*** Block opens ***
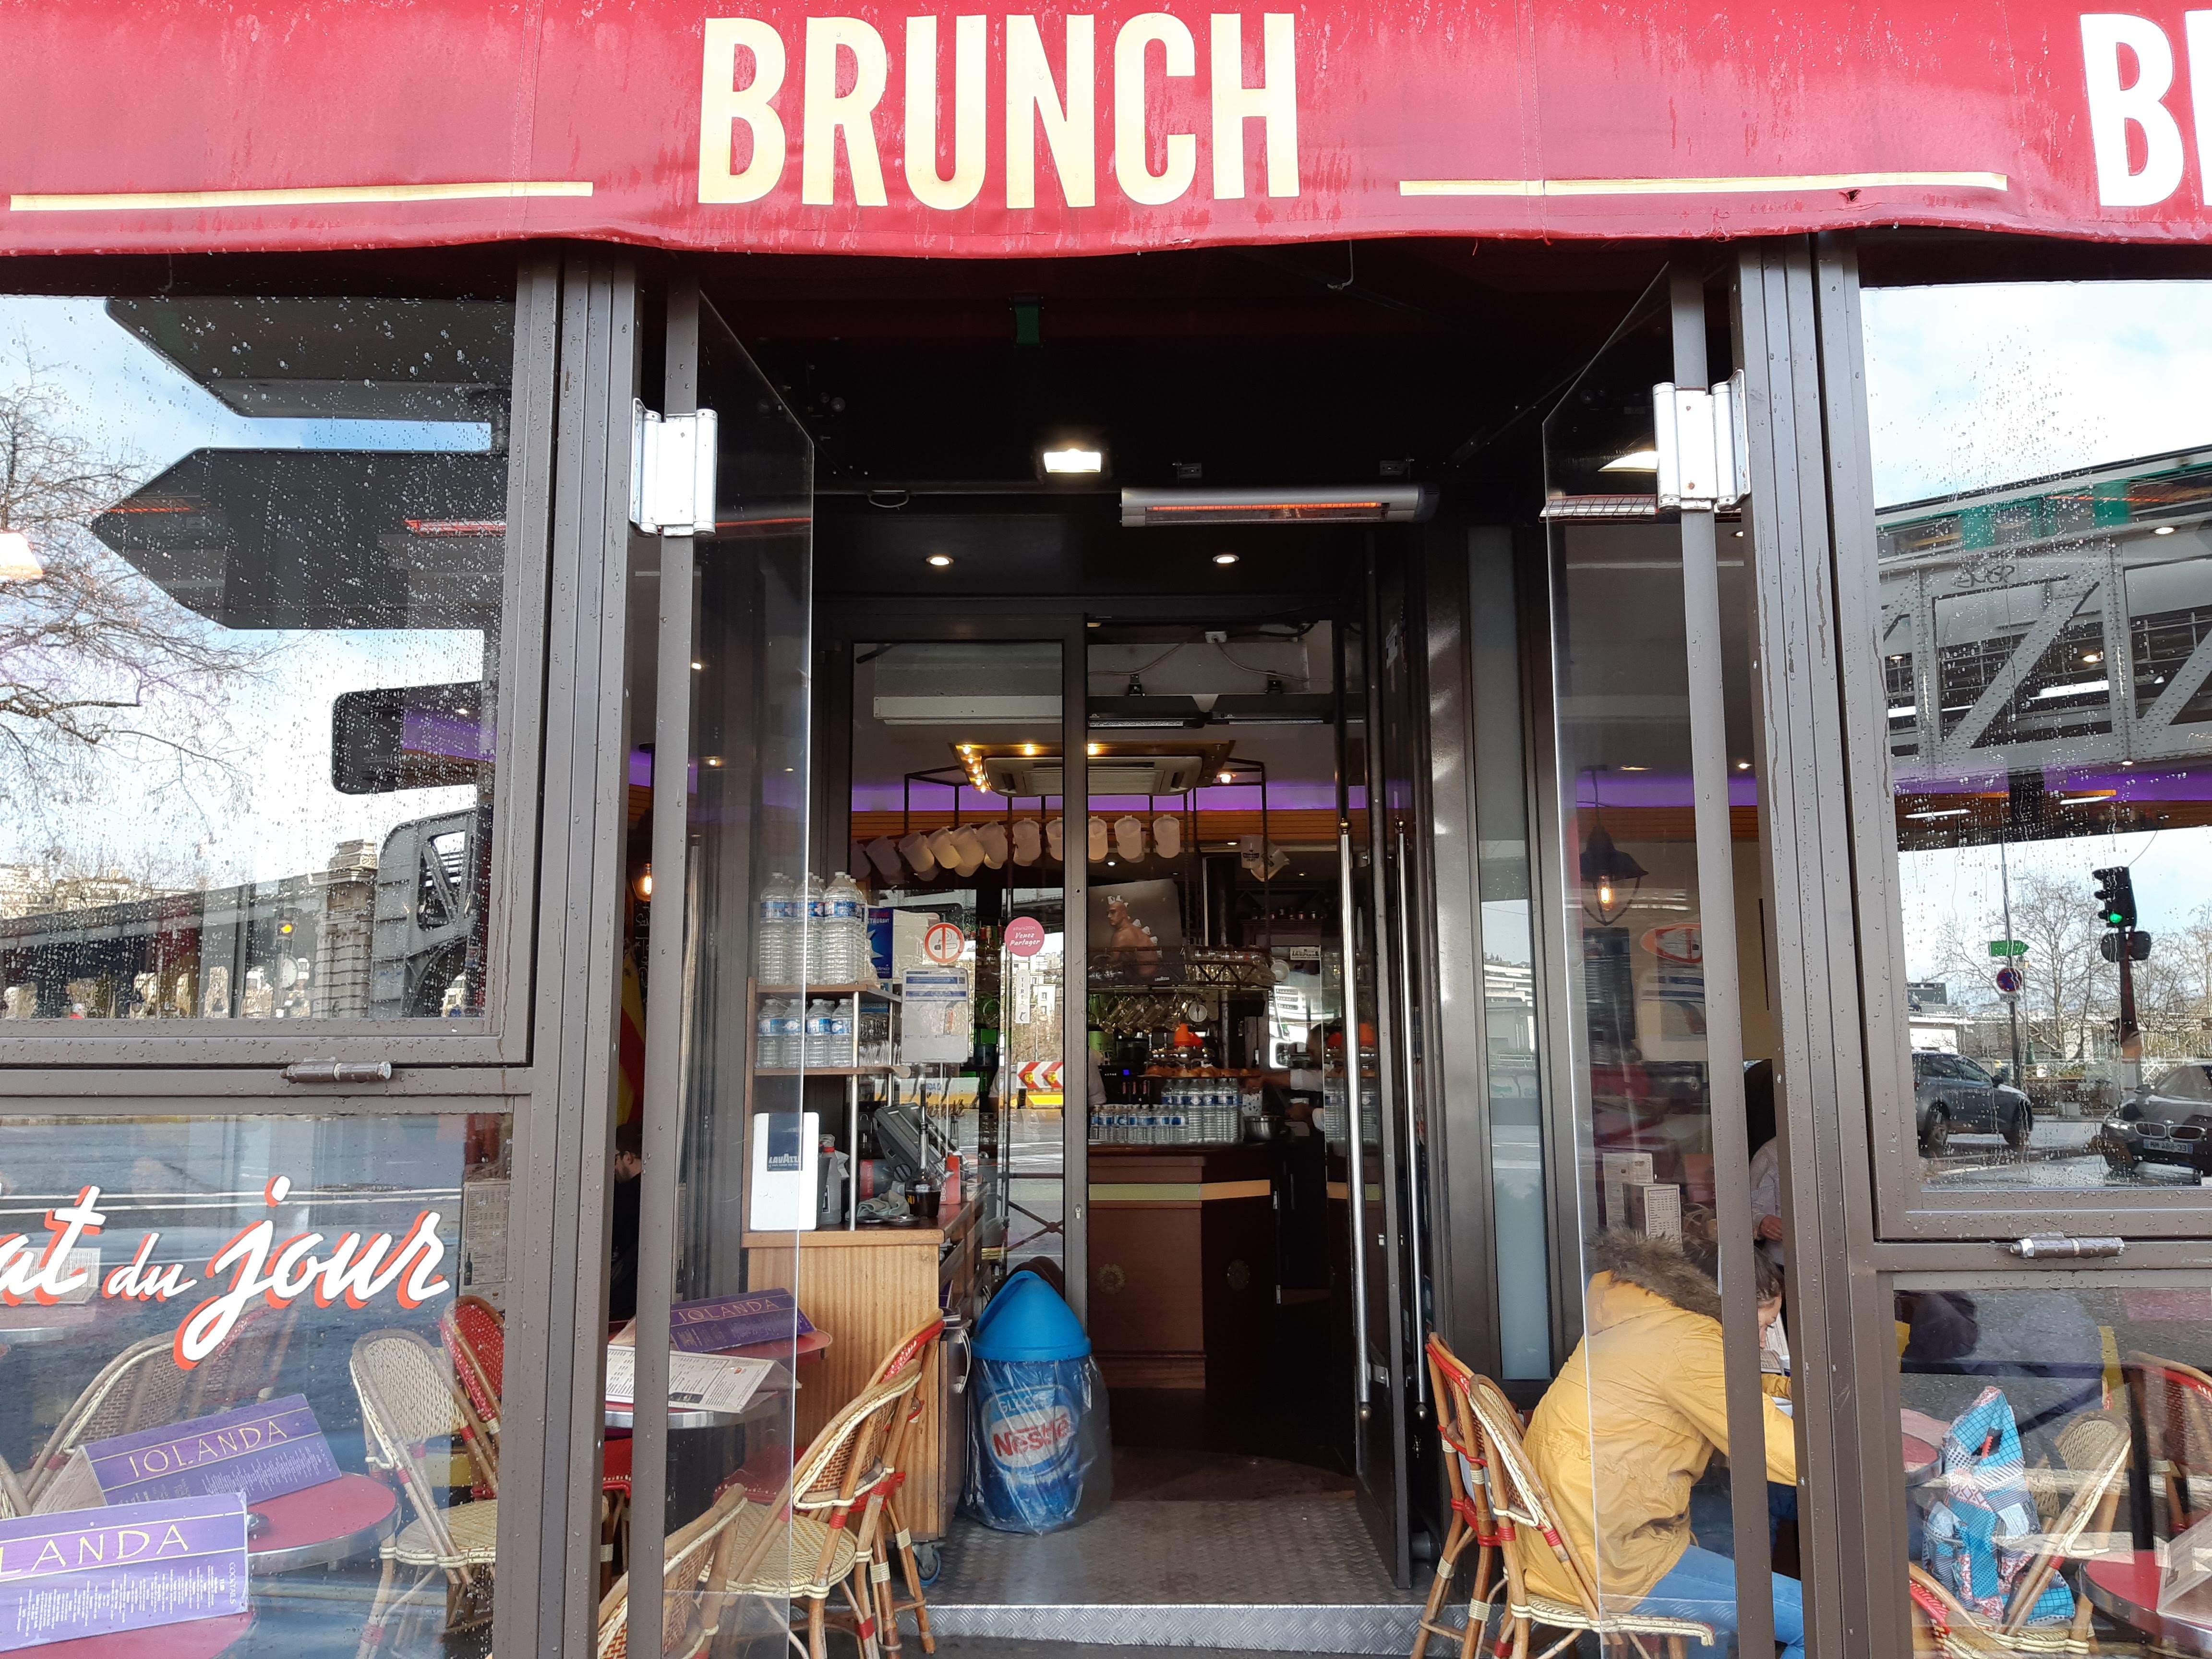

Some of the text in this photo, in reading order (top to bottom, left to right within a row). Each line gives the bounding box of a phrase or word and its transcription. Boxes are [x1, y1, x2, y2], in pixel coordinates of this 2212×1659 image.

[698, 12, 1299, 210] BRUNCH
[2080, 10, 2212, 207] B
[1010, 939, 1041, 947] Partager
[103, 1232, 197, 1301] du
[173, 1176, 450, 1370] jour
*** Block closes ***
### [Requirement]
The result should be every entry, word for word, and no pictures.

### [Expected output]
Some of the text in this photo, in reading order (top to bottom, left to right within a row). Each line gives the bounding box of a phrase or word and its transcription. Boxes are [x1, y1, x2, y2], in pixel coordinates of this 2212×1659 image.

[698, 12, 1299, 210] BRUNCH
[2080, 10, 2212, 207] B
[1010, 939, 1041, 947] Partager
[103, 1232, 197, 1301] du
[173, 1176, 450, 1370] jour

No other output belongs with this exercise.